7.25.2010

More Pickles?



As if 30 quarts of dill pickles wasn't enough, I decided to make more pickles this last weekend...



I had a good reason - these pickling cucs were leftover from our big pick at The Tree Farm, and I
couldn't let them go to waste. Our garden plot has finally started producing a few cucumbers as well, so all in all I'm just about cucumbered out - which is not a bad thing exactly.

In the interest of variety and time I decided to use these extra cucs in two different pickle recipes, neither of which require canning: refrigerator bread and butter pickles, and raw fermented pickles. I'll give the full recipes for each at the bottom of this post, but first I'll walk you through all the steps.


First, the bread and butter pickles.


I soaked the cucumbers in ice water to ensure crispiness. I don't know if this step really does anything, but I've seen several sources recommend it, and I figure it can't hurt. I let them soak for about an hour.



Pretty local onions. I used the recipe from the classic cookbook, Joy of Cooking. It calls for peppers and onions, but there's not too many local peppers available yet so I skipped them and added extra onions instead.

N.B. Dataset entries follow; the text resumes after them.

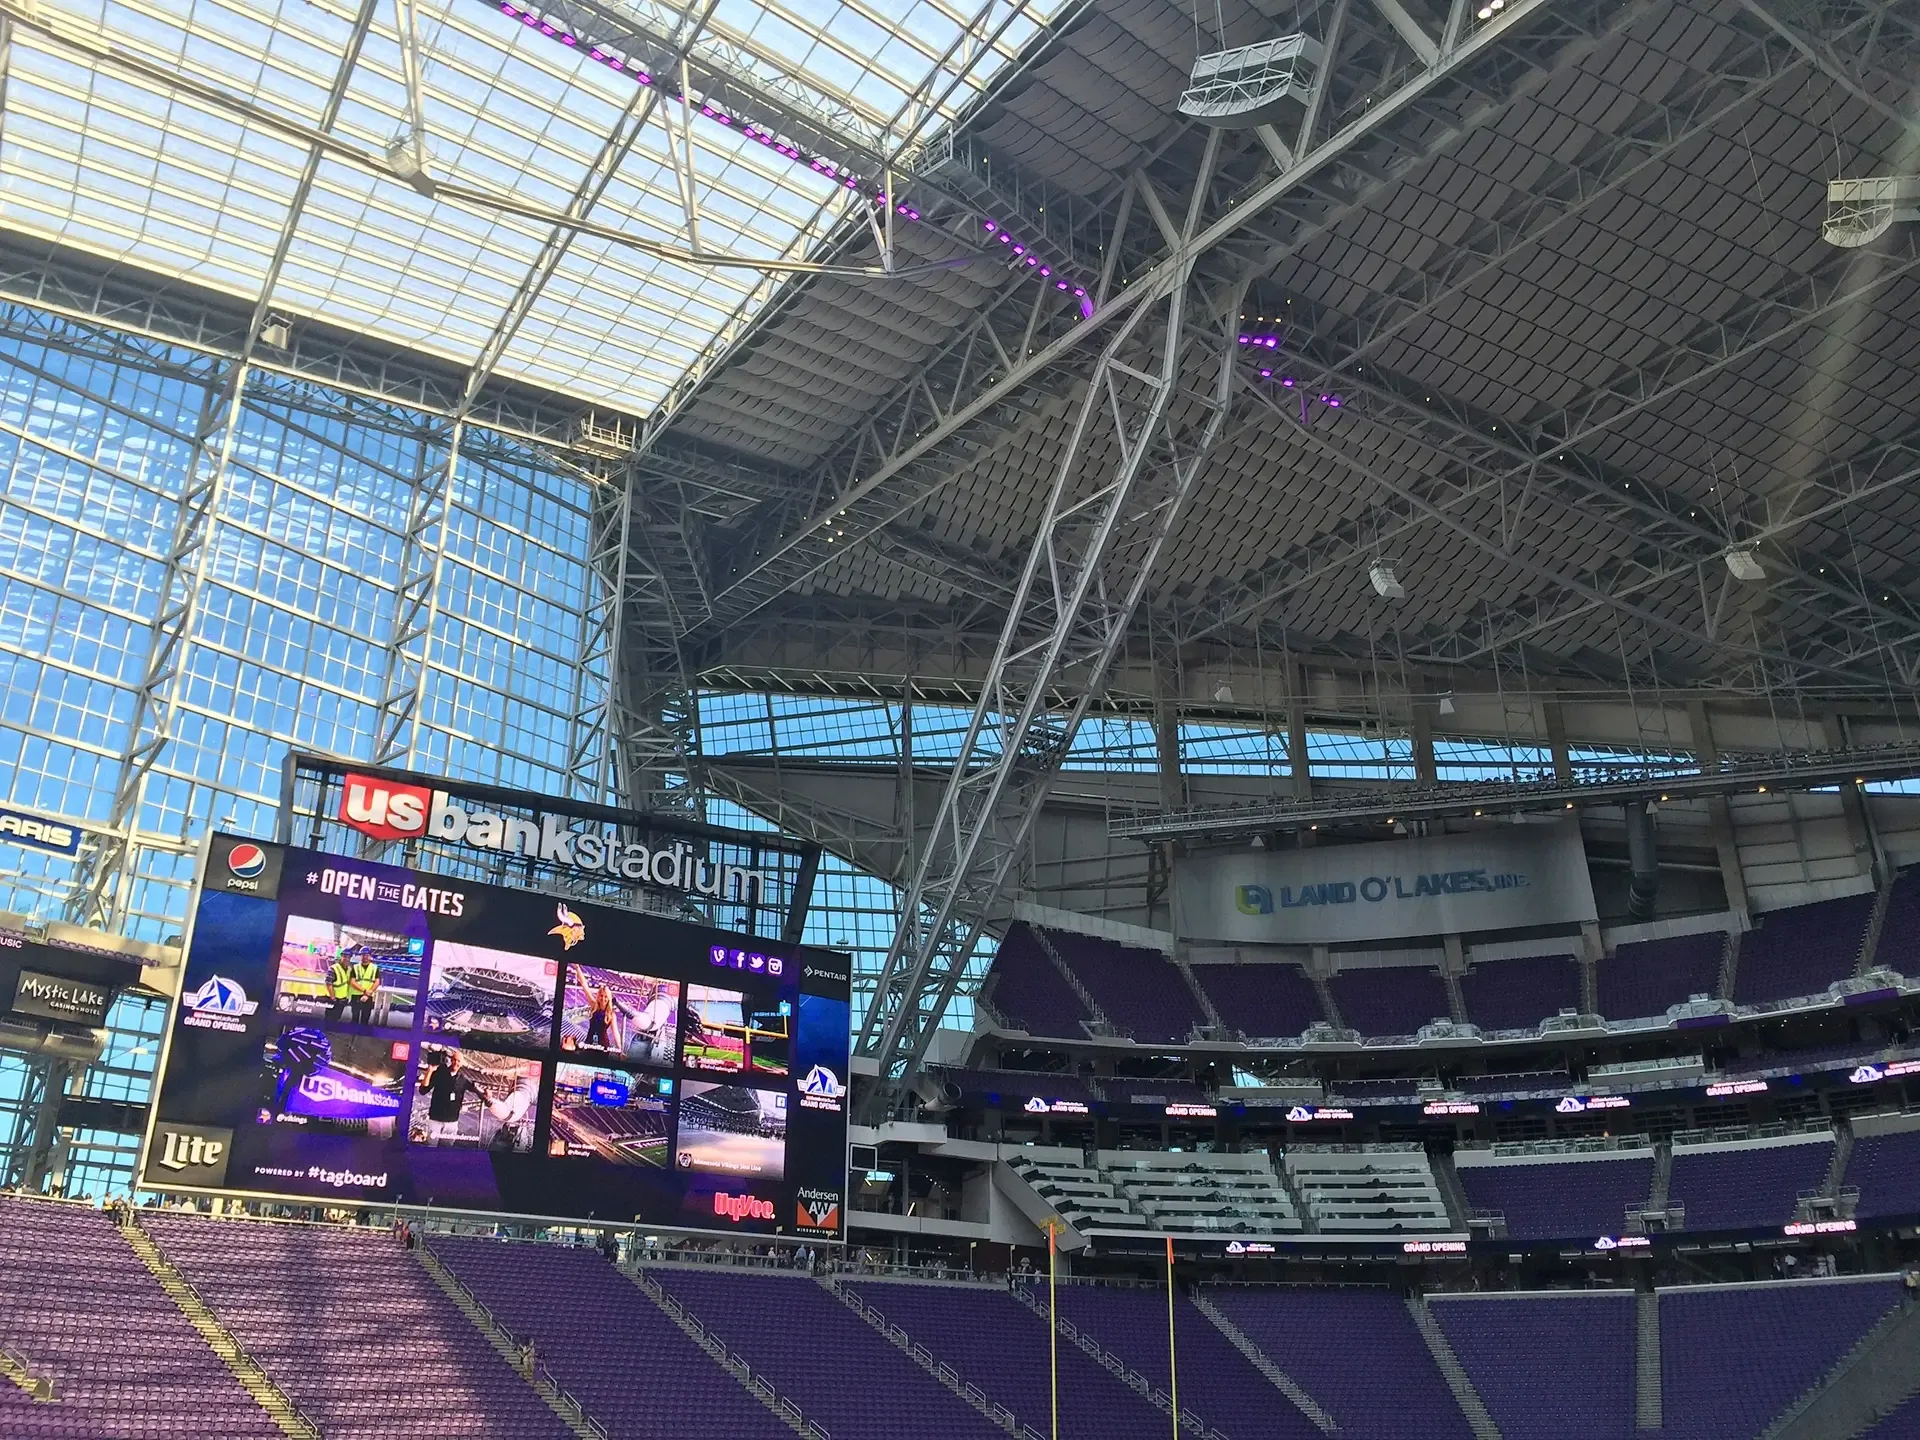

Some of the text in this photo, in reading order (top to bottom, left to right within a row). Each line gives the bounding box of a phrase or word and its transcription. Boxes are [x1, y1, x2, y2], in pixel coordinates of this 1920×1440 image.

[226, 877, 259, 891] pepsi
[377, 885, 400, 899] THE
[400, 884, 465, 917] GATES
[1280, 881, 1356, 908] LAND
[813, 969, 847, 982] PENTAIR
[183, 1016, 247, 1033] GRAND OPENING
[1706, 1086, 1734, 1097] GRAND
[1734, 1081, 1768, 1093] OPENING
[800, 1098, 819, 1109] GRAND
[818, 1101, 842, 1112] OPENING
[1165, 1106, 1217, 1117] GRAND OPENING
[1423, 1105, 1449, 1115] GRAND
[1449, 1103, 1480, 1114] OPENING
[159, 1132, 223, 1170] Lite
[254, 1166, 388, 1188] POWERED BY #tagboard
[797, 1186, 839, 1202] Andersen
[1784, 1220, 1857, 1236] GRAND OPENING
[1404, 1241, 1467, 1253] GRAND OPENING
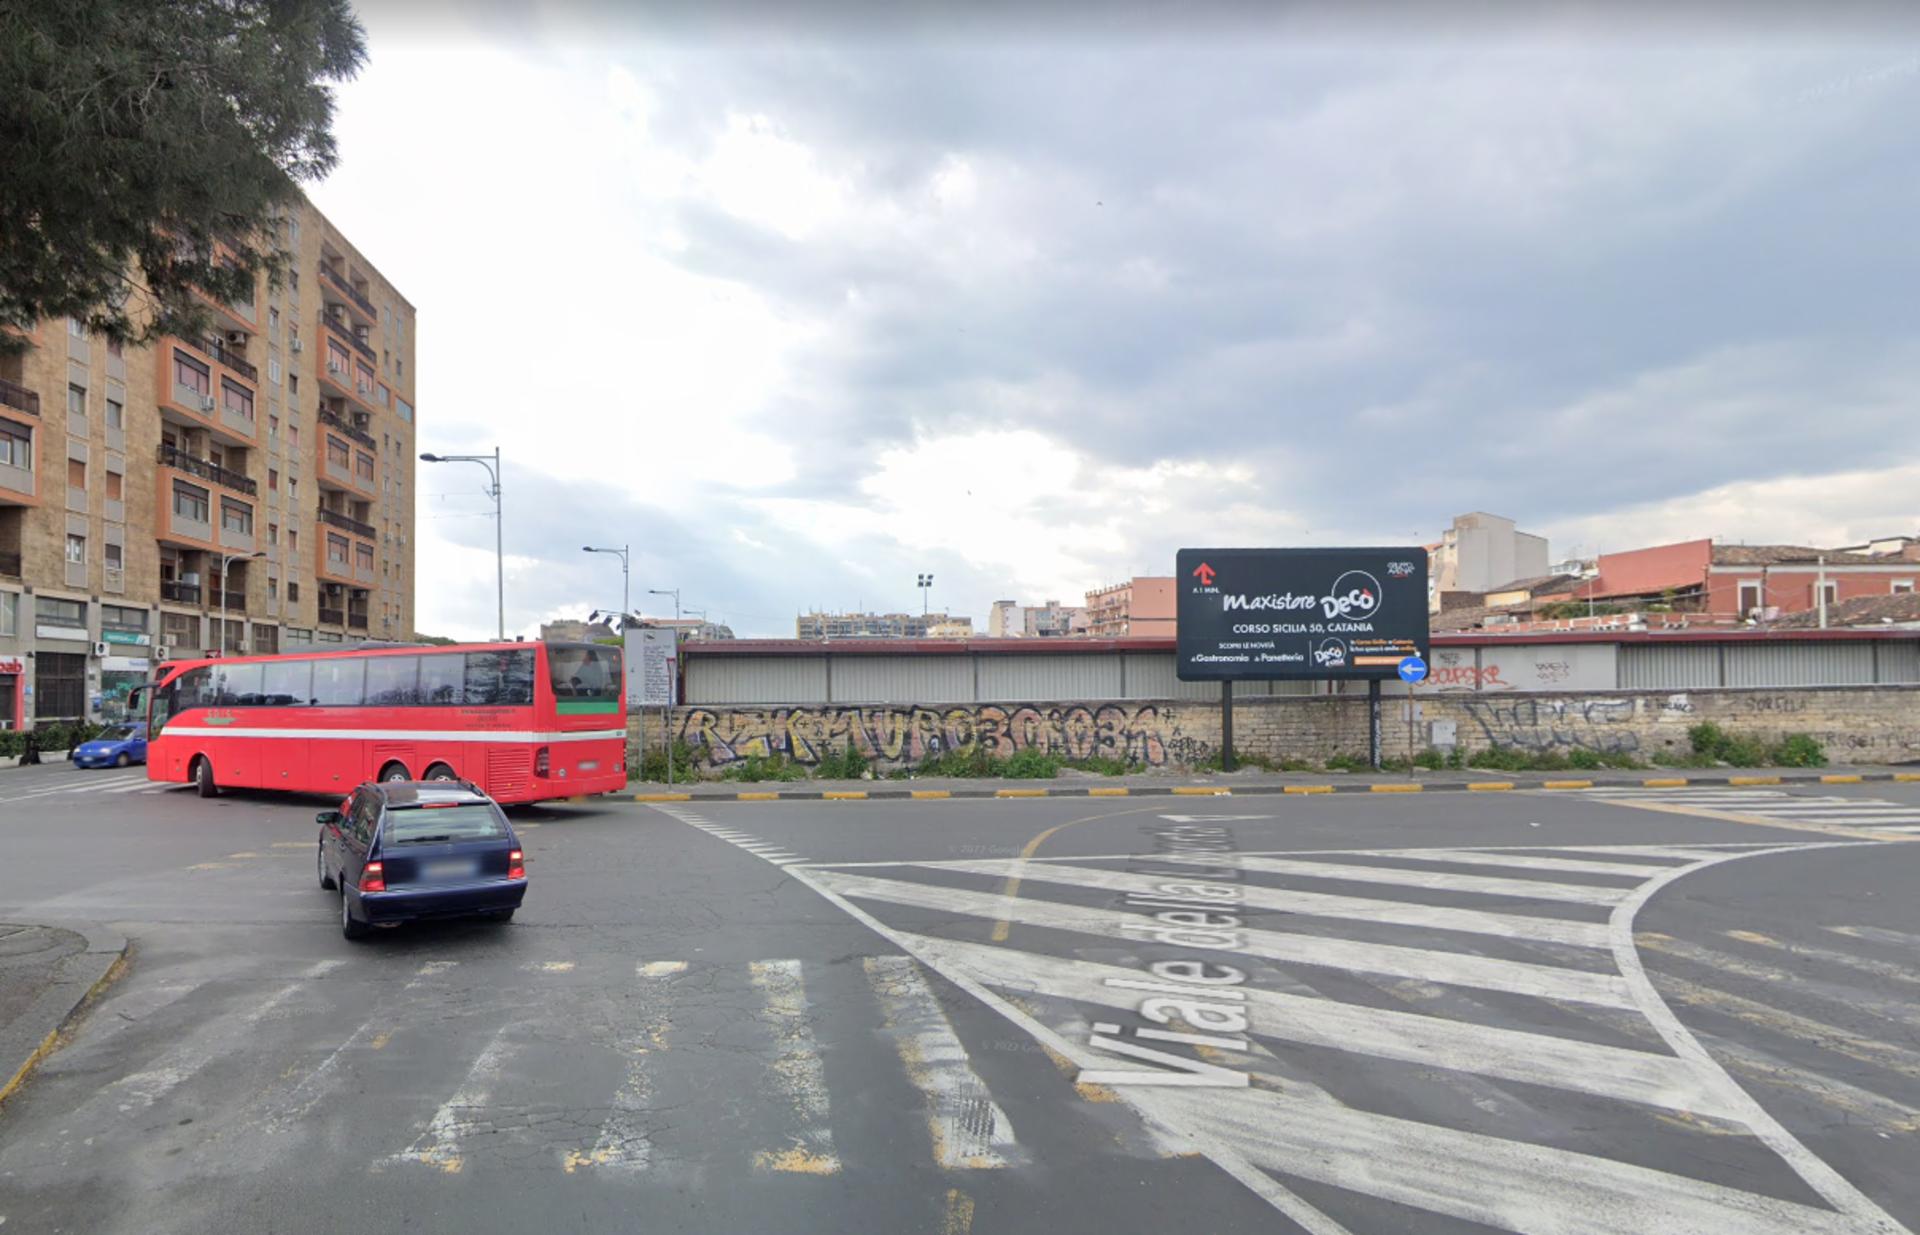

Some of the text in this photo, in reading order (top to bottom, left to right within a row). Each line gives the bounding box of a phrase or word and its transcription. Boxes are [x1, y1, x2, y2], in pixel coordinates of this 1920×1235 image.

Onions sliced thin in the bottom of a large bowl.....



Followed by a layer of thinly sliced cucumbers.



Another layer of onions.



Then finally a layer of cucumbers with 1/2 cup salt on top.


I weighted this all down with a plate and stuck it in the fridge overnight.

Like my new bowl? I was gifted with a $100 gift certificate to a shop in Madison that features local artist's wares. This bowl caught my eye. It's the kind of thing I would never be able to spring for on my own, but it's wonderful to have!



I had to switch plates mid-way through - the cucumbers shrank considerably and the red plate was too big to sink down enough. This is what it looked like the next morning.



It's hard to see here, but there's a thin layer of water over-top the sliced cucumbers. The salt drew out the water and sort of "cooked" the onions and cucumbers. They were VERY salty, even after I rinsed them a few times... I was a bit worried that they were too salty, but I trusted the Joy of Cooking enough to keep on going with the recipe as written.



The next step was to bring the brine (apple cider vinegar, brown sugar, and spices) to a boil and slowly add the sliced cucs. The smell of the brine brought memories of summer flooding back - my Mom used to make bread and butter pickles every year.....



The finished pickles went into clean jars and into the fridge. The recipe calls for putting them in a hot water bath to can them, but since I only had four quarts, I decided that the fridge was an easier route. I'll give three of these away and keep one for myself. I tasted a few before I put them away and was relieved to know that they weren't too salty after all - the strong flavor of the brine must counteract the salt enough that it's not overpowering. The pickles themselves pack quite a punch - sweet, salt, vinegar. Yum.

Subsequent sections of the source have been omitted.